- Dataset entries:

============

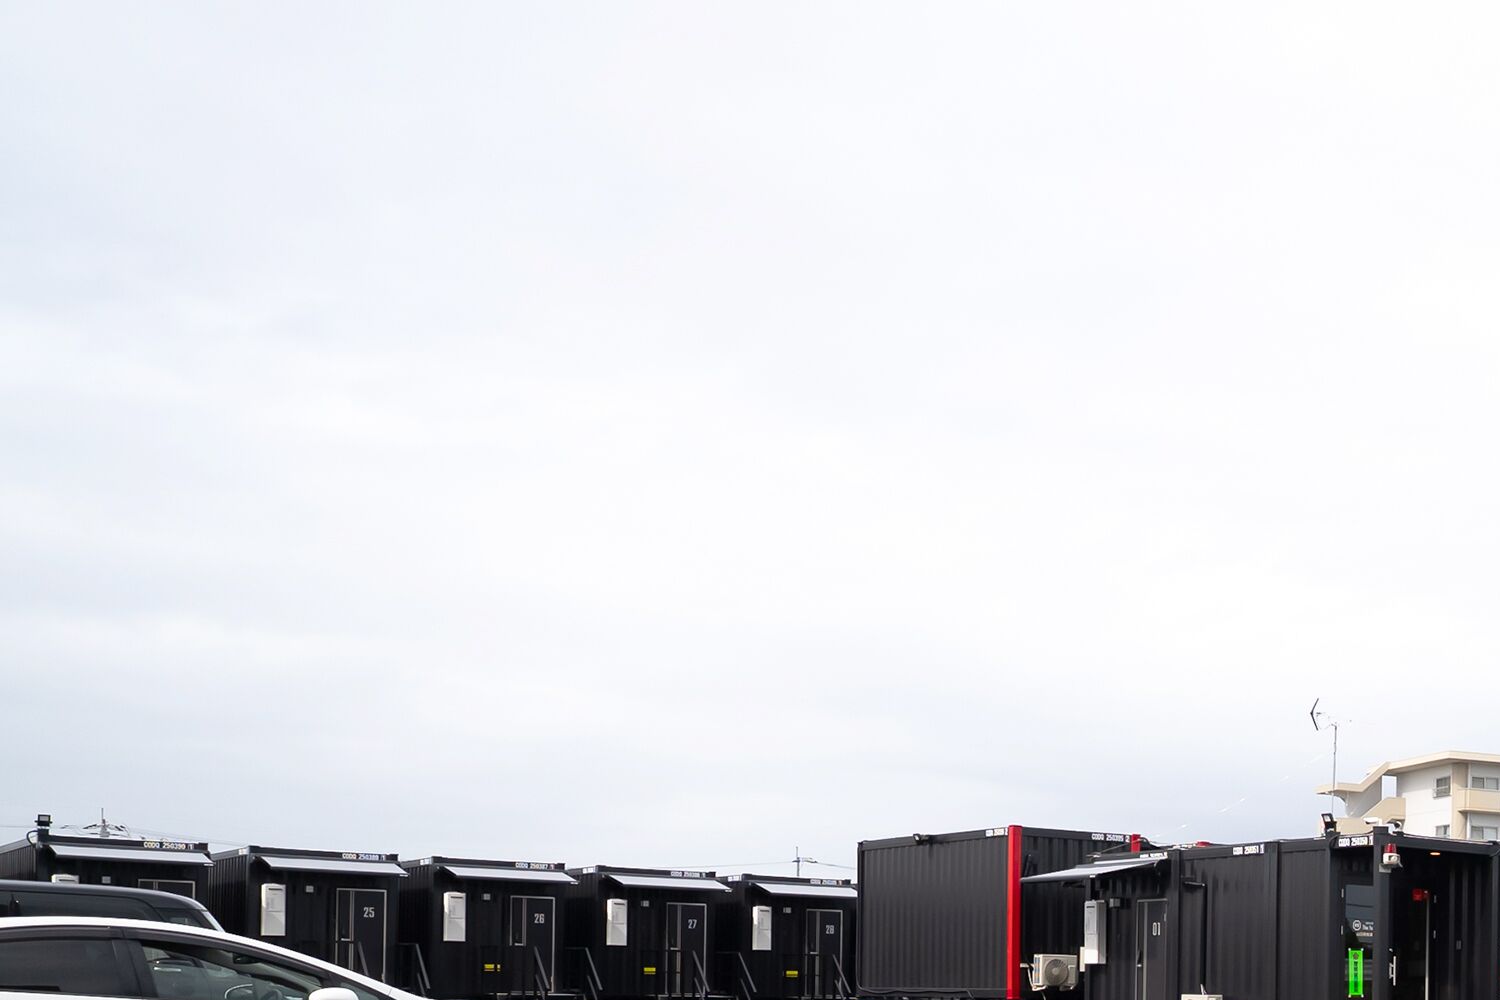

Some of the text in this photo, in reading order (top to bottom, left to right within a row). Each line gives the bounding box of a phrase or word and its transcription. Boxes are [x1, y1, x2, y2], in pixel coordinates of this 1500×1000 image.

[363, 907, 375, 918] 25
[534, 913, 545, 924] 26
[688, 919, 698, 929] 27
[1152, 922, 1161, 936] 01

============

- YOUR TASK: Return the lines of the data above in full and exactly, with no pictures.

- TASK SOLUTION:
Some of the text in this photo, in reading order (top to bottom, left to right within a row). Each line gives the bounding box of a phrase or word and its transcription. Boxes are [x1, y1, x2, y2], in pixel coordinates of this 1500×1000 image.

[363, 907, 375, 918] 25
[534, 913, 545, 924] 26
[688, 919, 698, 929] 27
[1152, 922, 1161, 936] 01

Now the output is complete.